§ **Your task**:
Return exactly the line that contains "Some of the words" and all lines beneath it in the entries, through the very last one.

=== Task data ===

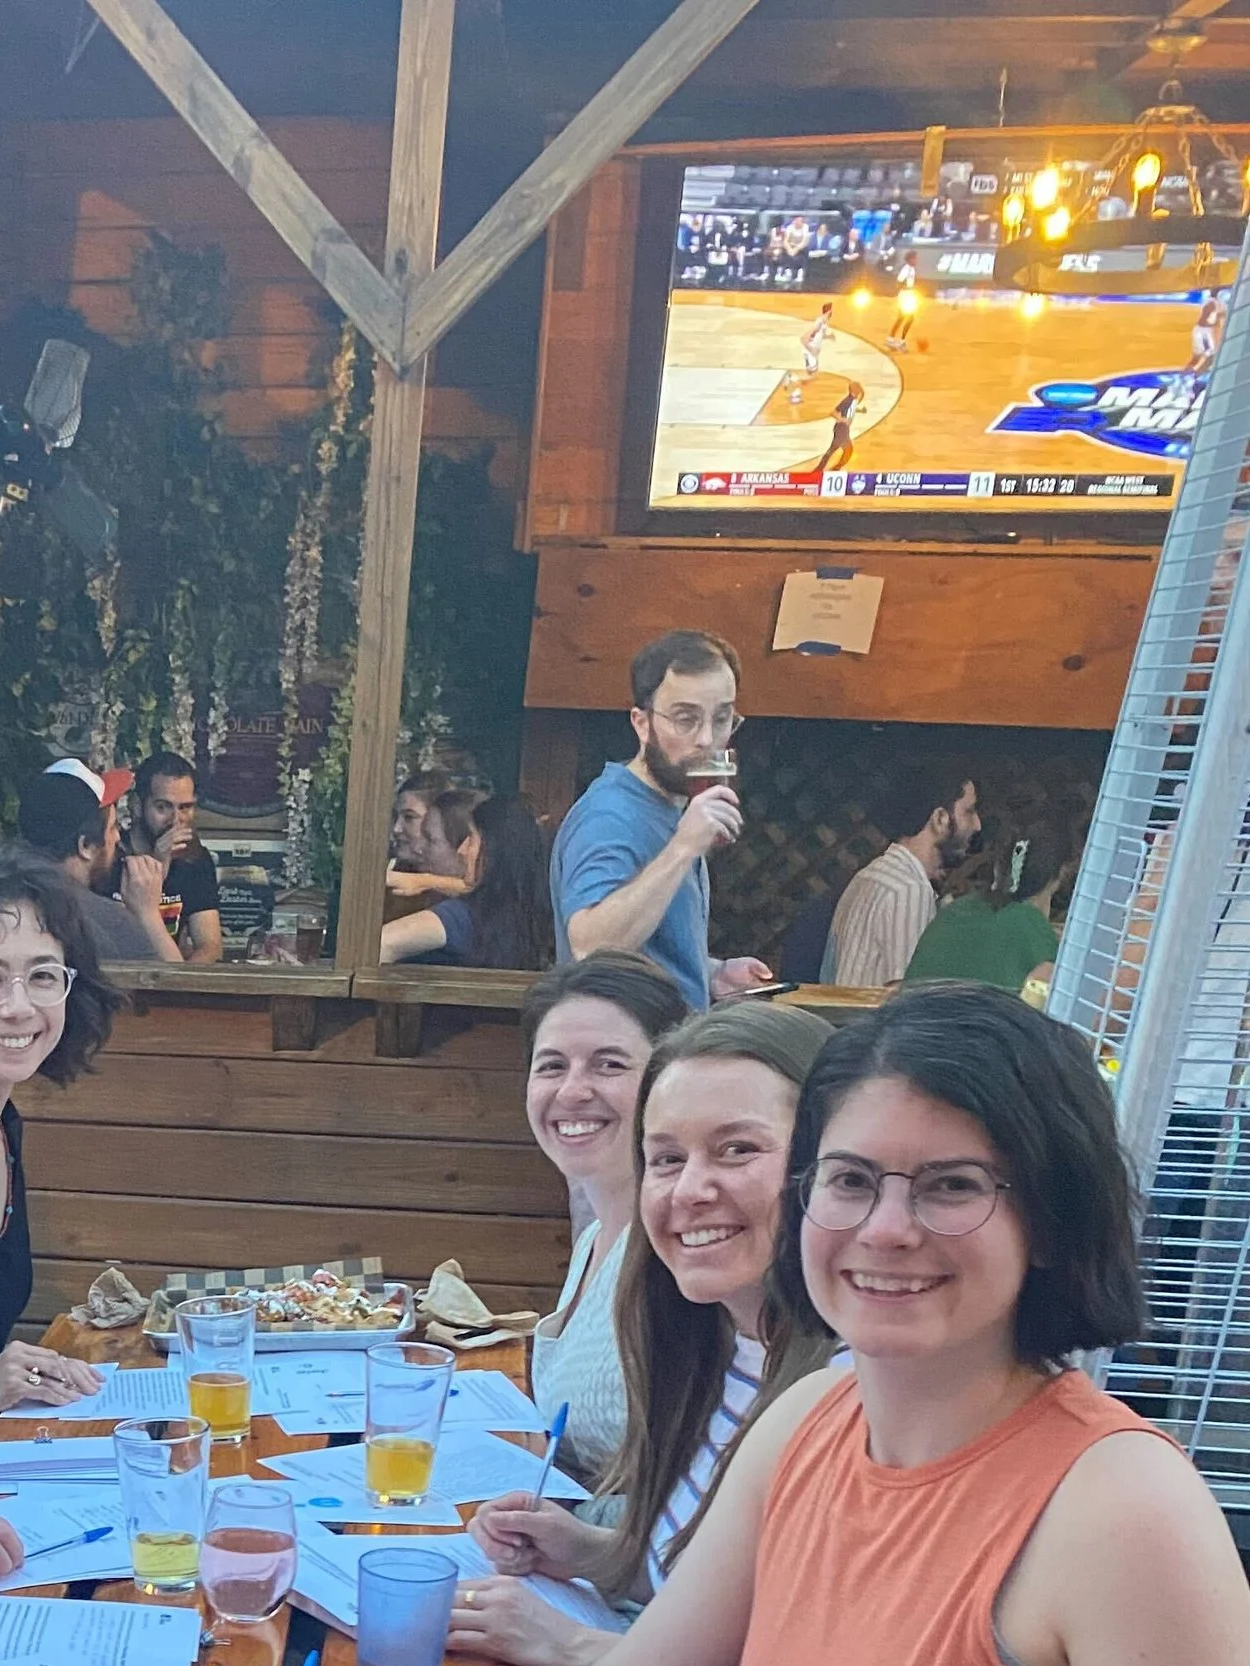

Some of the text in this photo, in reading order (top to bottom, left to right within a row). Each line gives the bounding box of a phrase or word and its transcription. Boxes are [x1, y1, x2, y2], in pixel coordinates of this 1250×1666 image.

[741, 472, 789, 483] ARKANSAS
[827, 476, 844, 491] 10
[886, 473, 921, 484] UCONN
[974, 476, 990, 492] 11
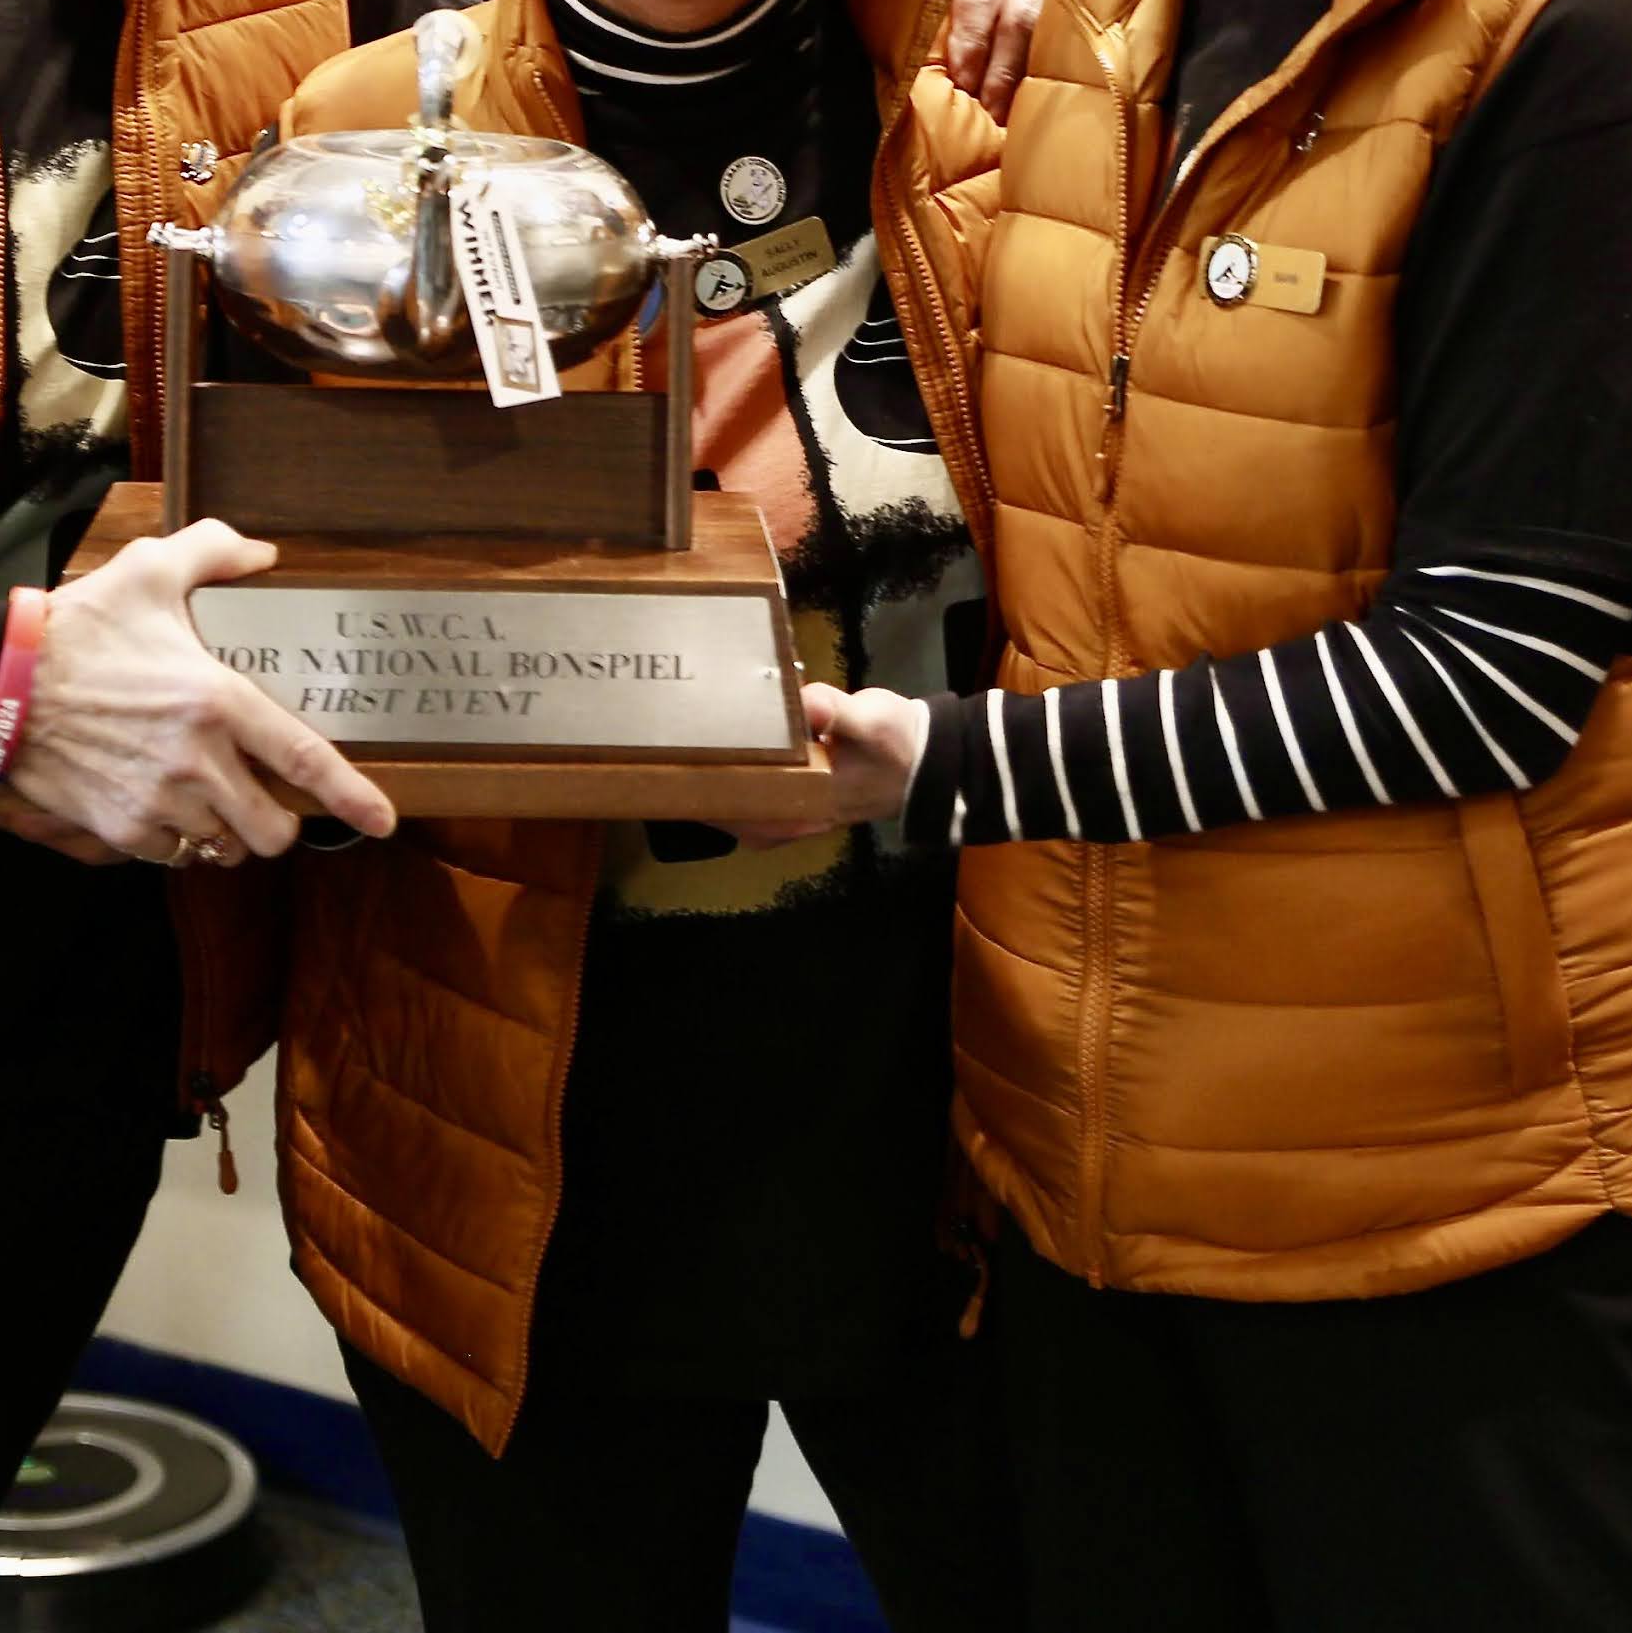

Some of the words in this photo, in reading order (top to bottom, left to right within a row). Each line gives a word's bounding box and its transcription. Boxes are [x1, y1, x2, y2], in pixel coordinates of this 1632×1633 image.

[459, 198, 497, 326] WINNER
[335, 611, 507, 642] U.S.W.C.A.
[301, 649, 491, 679] NATIONAL
[509, 653, 695, 681] BONSPIEL
[297, 687, 405, 713] FIRST
[414, 688, 540, 716] EVENT

===

§ **Exercise output**:
Some of the words in this photo, in reading order (top to bottom, left to right within a row). Each line gives a word's bounding box and its transcription. Boxes are [x1, y1, x2, y2], in pixel coordinates of this 1632×1633 image.

[459, 198, 497, 326] WINNER
[335, 611, 507, 642] U.S.W.C.A.
[301, 649, 491, 679] NATIONAL
[509, 653, 695, 681] BONSPIEL
[297, 687, 405, 713] FIRST
[414, 688, 540, 716] EVENT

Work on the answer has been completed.